▸ **Work order**
Write the records out again exactly, but without pictures.

▸ **Input data**
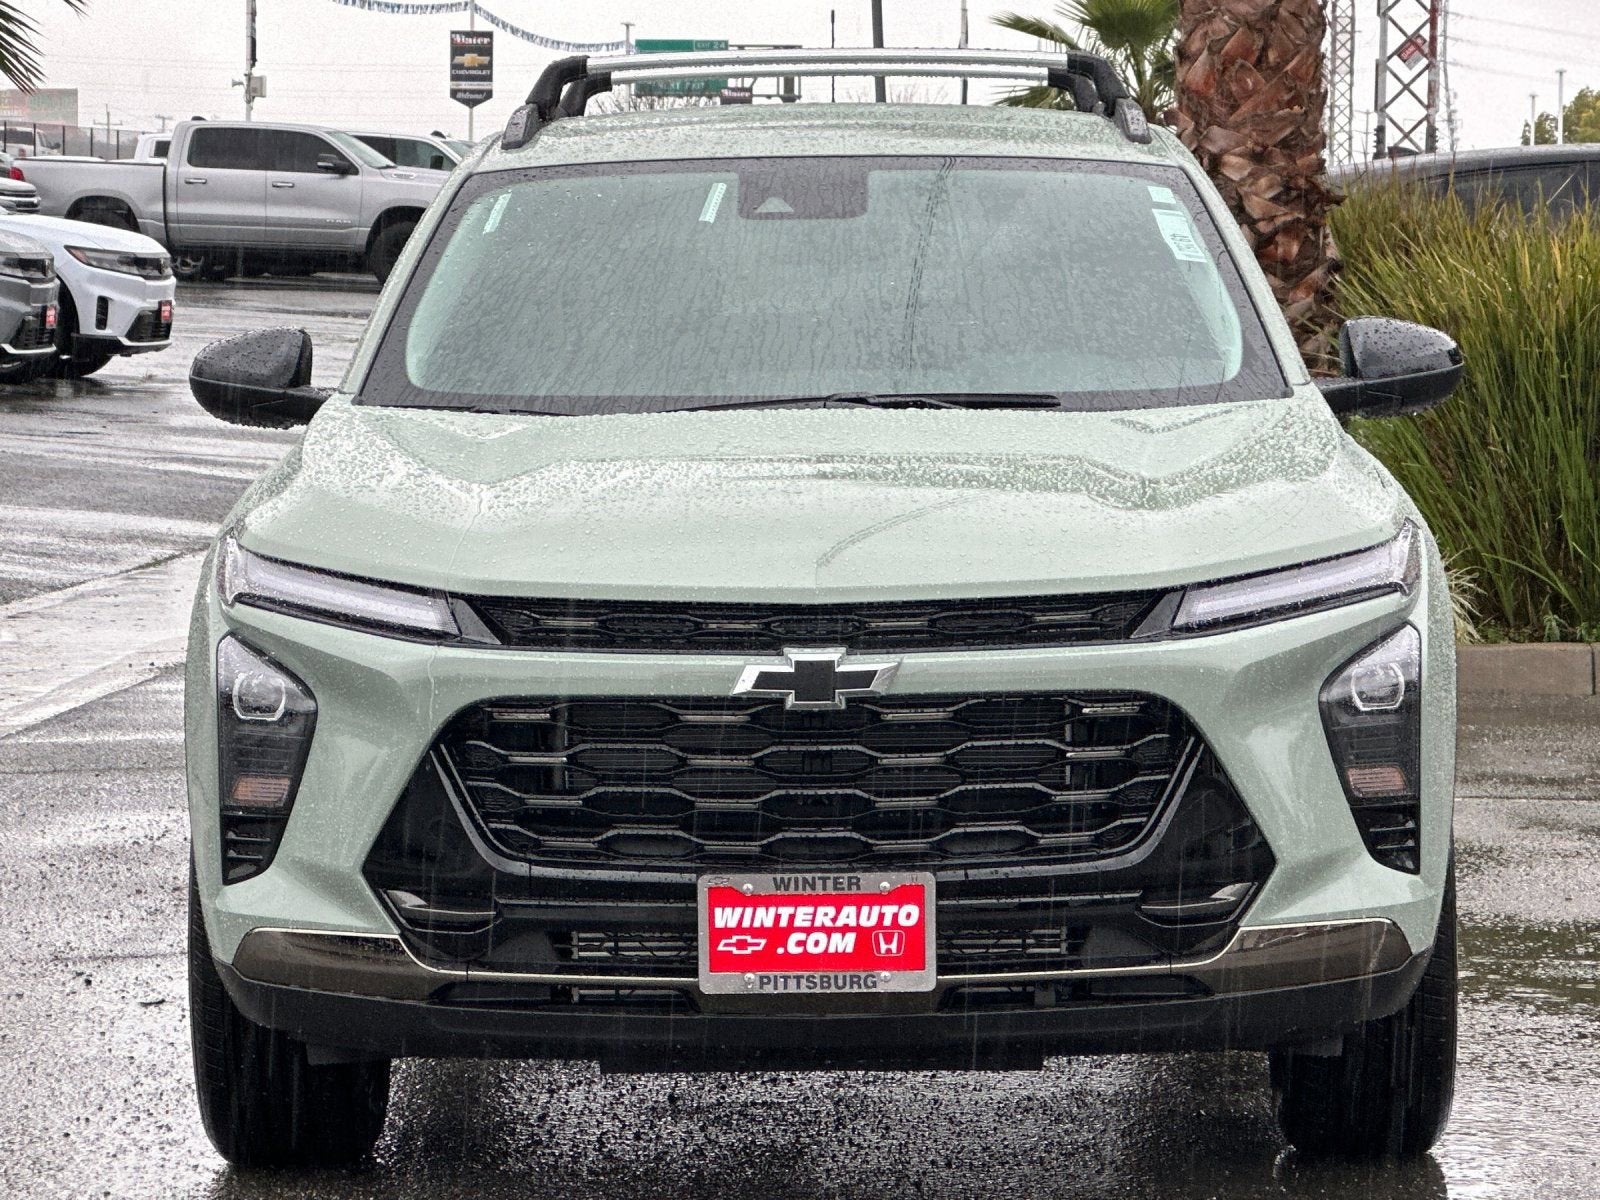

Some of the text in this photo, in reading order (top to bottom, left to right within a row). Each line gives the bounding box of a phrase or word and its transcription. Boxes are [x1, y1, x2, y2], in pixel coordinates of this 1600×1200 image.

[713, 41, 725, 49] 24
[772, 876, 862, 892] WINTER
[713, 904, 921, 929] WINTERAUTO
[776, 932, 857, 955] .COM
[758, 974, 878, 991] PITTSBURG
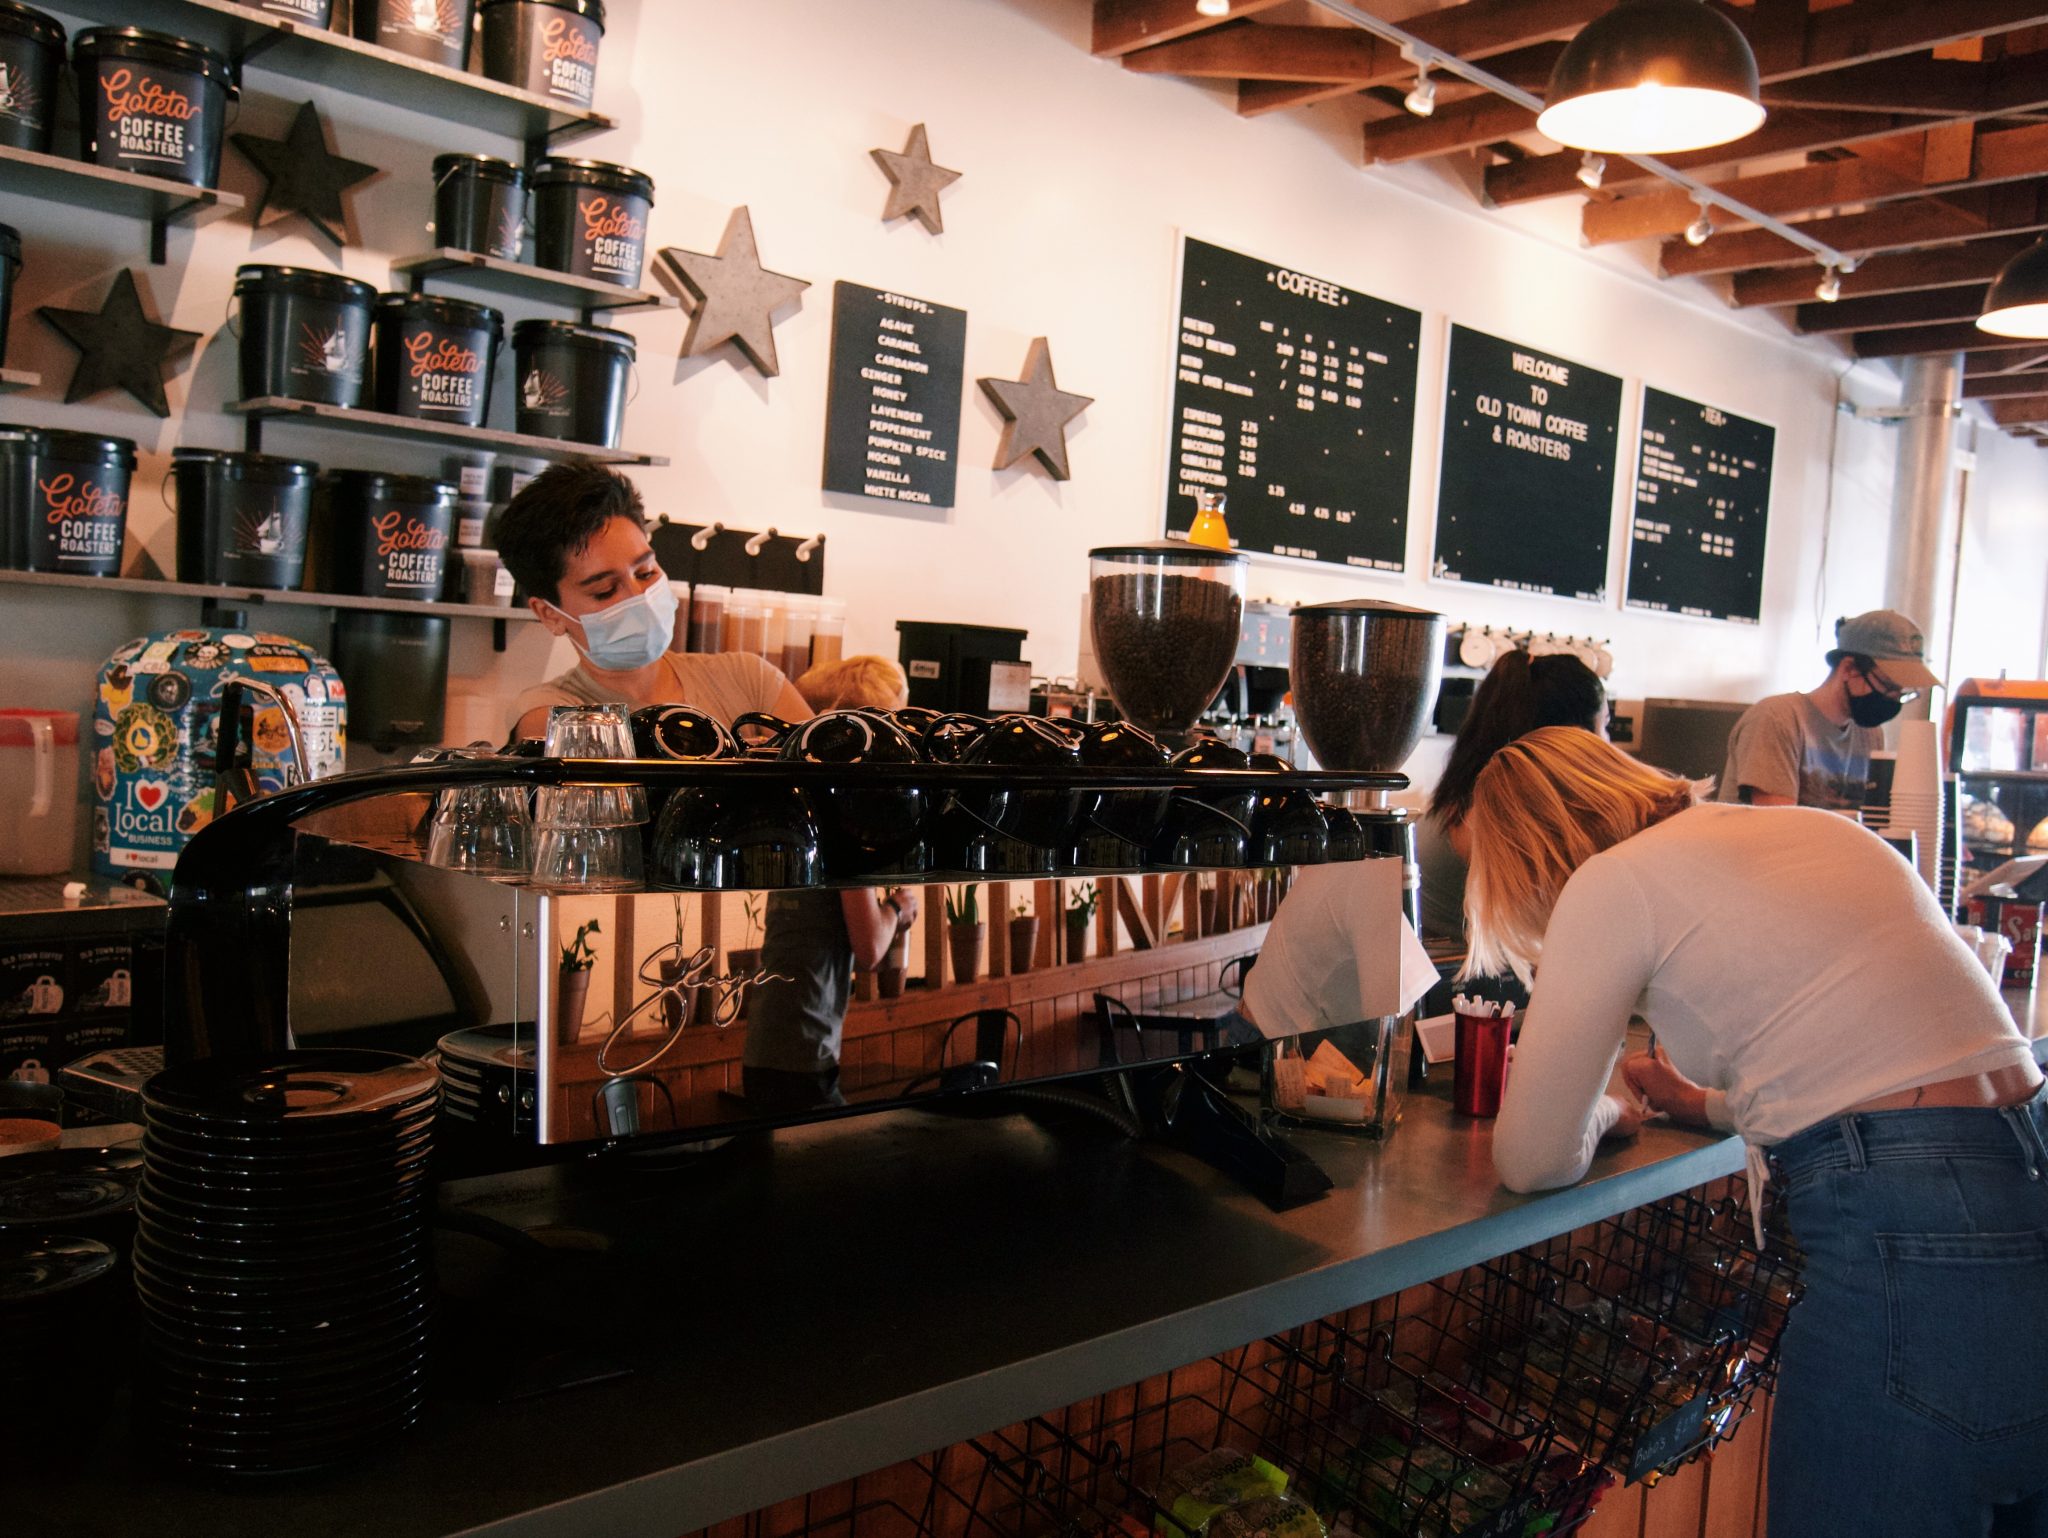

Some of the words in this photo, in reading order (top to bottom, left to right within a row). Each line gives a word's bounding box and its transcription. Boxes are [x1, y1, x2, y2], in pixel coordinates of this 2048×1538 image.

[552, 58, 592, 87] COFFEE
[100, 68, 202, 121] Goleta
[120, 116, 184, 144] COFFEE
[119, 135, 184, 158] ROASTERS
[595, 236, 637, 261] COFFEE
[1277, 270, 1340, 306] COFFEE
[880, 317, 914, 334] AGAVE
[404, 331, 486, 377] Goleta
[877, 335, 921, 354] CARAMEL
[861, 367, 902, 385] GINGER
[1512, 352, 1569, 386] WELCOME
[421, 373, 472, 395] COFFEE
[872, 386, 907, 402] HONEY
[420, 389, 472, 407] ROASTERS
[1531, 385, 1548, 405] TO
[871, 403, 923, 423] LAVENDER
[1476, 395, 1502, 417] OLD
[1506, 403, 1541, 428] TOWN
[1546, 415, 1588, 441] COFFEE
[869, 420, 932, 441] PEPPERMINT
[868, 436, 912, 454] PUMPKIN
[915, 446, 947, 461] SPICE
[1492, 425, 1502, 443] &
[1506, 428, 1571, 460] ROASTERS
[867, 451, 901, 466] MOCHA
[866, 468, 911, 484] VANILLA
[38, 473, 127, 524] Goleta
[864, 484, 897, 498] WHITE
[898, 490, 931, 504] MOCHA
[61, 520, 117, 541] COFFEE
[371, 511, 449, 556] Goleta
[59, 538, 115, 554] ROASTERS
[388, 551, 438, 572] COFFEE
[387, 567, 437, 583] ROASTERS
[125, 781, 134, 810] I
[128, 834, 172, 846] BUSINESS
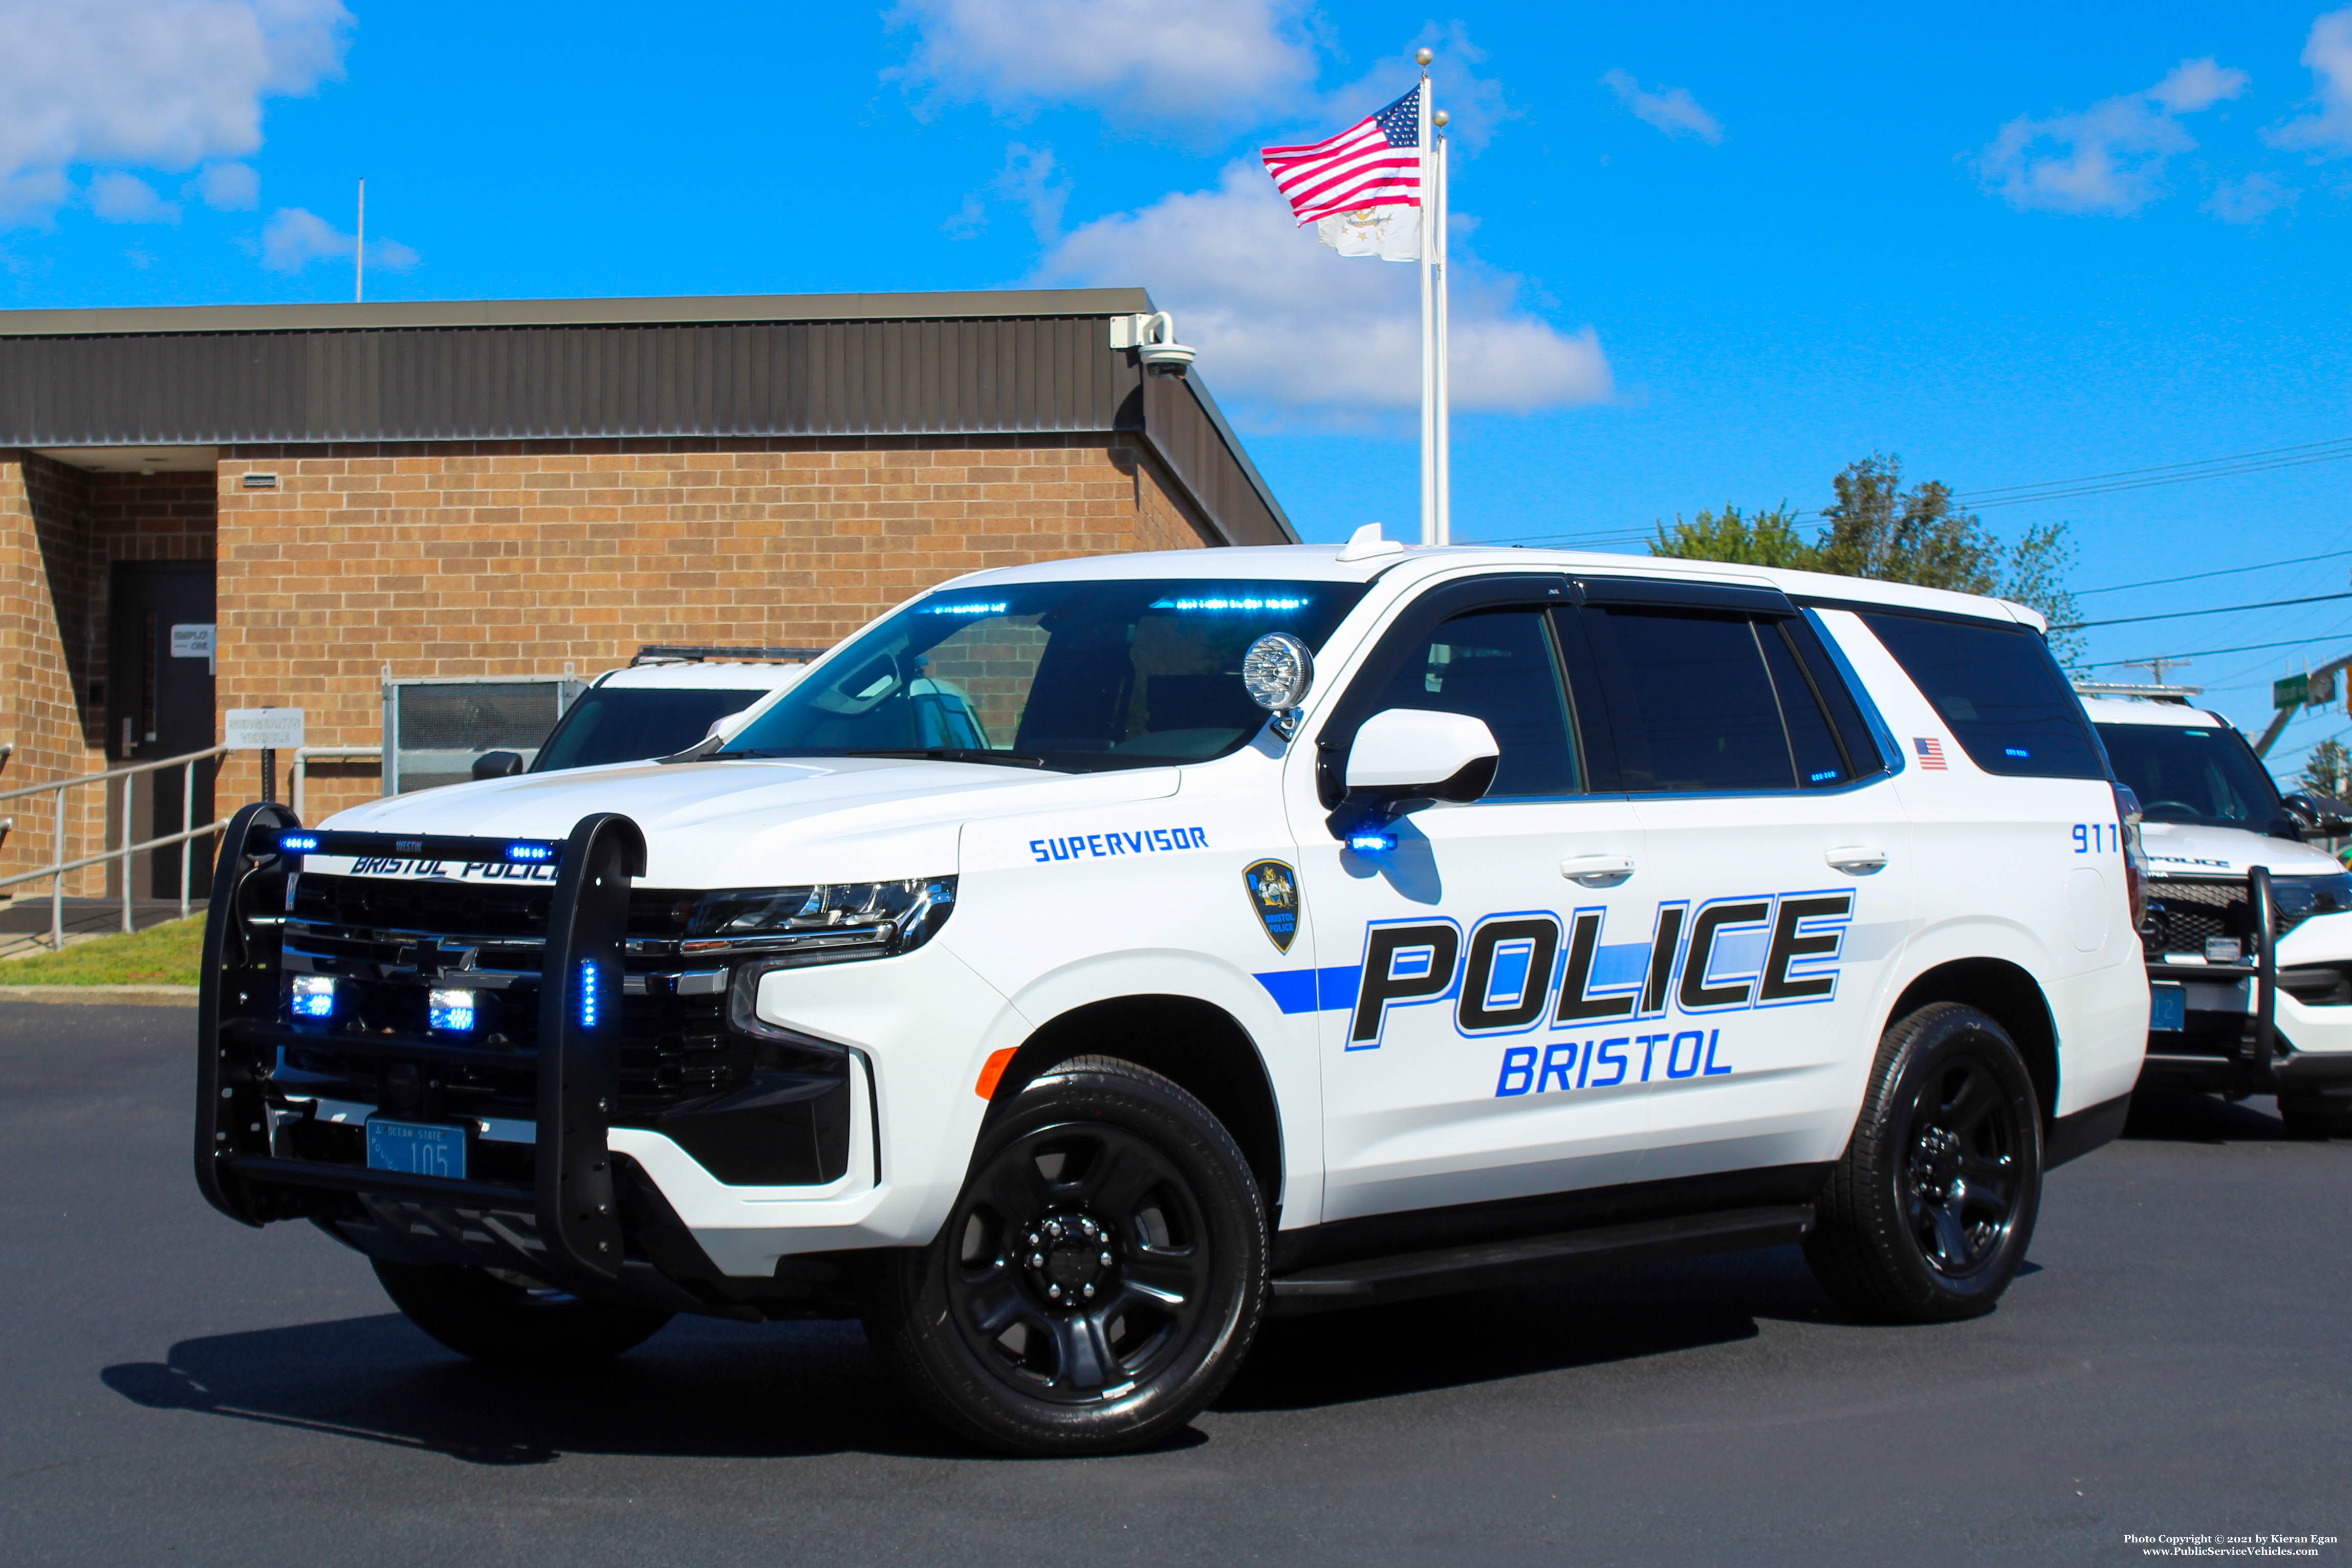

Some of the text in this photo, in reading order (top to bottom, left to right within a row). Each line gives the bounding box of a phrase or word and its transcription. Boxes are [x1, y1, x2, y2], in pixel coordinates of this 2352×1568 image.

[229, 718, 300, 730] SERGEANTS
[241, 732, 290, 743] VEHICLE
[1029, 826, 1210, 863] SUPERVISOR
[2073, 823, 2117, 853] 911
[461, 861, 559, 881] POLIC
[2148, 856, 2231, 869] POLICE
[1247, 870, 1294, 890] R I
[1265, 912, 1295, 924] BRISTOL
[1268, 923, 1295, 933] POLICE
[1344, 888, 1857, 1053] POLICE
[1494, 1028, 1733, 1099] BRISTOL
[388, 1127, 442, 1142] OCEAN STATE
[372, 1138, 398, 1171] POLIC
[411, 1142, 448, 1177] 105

▸ **Answer section**
Some of the text in this photo, in reading order (top to bottom, left to right within a row). Each line gives the bounding box of a phrase or word and its transcription. Boxes are [x1, y1, x2, y2], in pixel coordinates of this 1600×1200 image.

[713, 41, 725, 49] 24
[772, 876, 862, 892] WINTER
[713, 904, 921, 929] WINTERAUTO
[776, 932, 857, 955] .COM
[758, 974, 878, 991] PITTSBURG

Some of the words in this photo, in reading order (top to bottom, left to right within a row). Each line gives a word's bounding box and its transcription. Boxes are [x1, y1, x2, y2], in pixel coordinates of this 2048×1538 image.

[552, 58, 592, 87] COFFEE
[100, 68, 202, 121] Goleta
[120, 116, 184, 144] COFFEE
[119, 135, 184, 158] ROASTERS
[595, 236, 637, 261] COFFEE
[1277, 270, 1340, 306] COFFEE
[880, 317, 914, 334] AGAVE
[404, 331, 486, 377] Goleta
[877, 335, 921, 354] CARAMEL
[861, 367, 902, 385] GINGER
[1512, 352, 1569, 386] WELCOME
[421, 373, 472, 395] COFFEE
[872, 386, 907, 402] HONEY
[420, 389, 472, 407] ROASTERS
[1531, 385, 1548, 405] TO
[871, 403, 923, 423] LAVENDER
[1476, 395, 1502, 417] OLD
[1506, 403, 1541, 428] TOWN
[1546, 415, 1588, 441] COFFEE
[869, 420, 932, 441] PEPPERMINT
[868, 436, 912, 454] PUMPKIN
[915, 446, 947, 461] SPICE
[1492, 425, 1502, 443] &
[1506, 428, 1571, 460] ROASTERS
[867, 451, 901, 466] MOCHA
[866, 468, 911, 484] VANILLA
[38, 473, 127, 524] Goleta
[864, 484, 897, 498] WHITE
[898, 490, 931, 504] MOCHA
[61, 520, 117, 541] COFFEE
[371, 511, 449, 556] Goleta
[59, 538, 115, 554] ROASTERS
[388, 551, 438, 572] COFFEE
[387, 567, 437, 583] ROASTERS
[125, 781, 134, 810] I
[128, 834, 172, 846] BUSINESS

Some of the text in this photo, in reading order (top to bottom, left to right within a row). Each line gives the bounding box of a phrase or word and its transcription. Boxes are [x1, y1, x2, y2], in pixel coordinates of this 2352×1568 image.

[229, 718, 300, 730] SERGEANTS
[241, 732, 290, 743] VEHICLE
[1029, 826, 1210, 863] SUPERVISOR
[2073, 823, 2117, 853] 911
[461, 861, 559, 881] POLIC
[2148, 856, 2231, 869] POLICE
[1247, 870, 1294, 890] R I
[1265, 912, 1295, 924] BRISTOL
[1268, 923, 1295, 933] POLICE
[1344, 888, 1857, 1053] POLICE
[1494, 1028, 1733, 1099] BRISTOL
[388, 1127, 442, 1142] OCEAN STATE
[372, 1138, 398, 1171] POLIC
[411, 1142, 448, 1177] 105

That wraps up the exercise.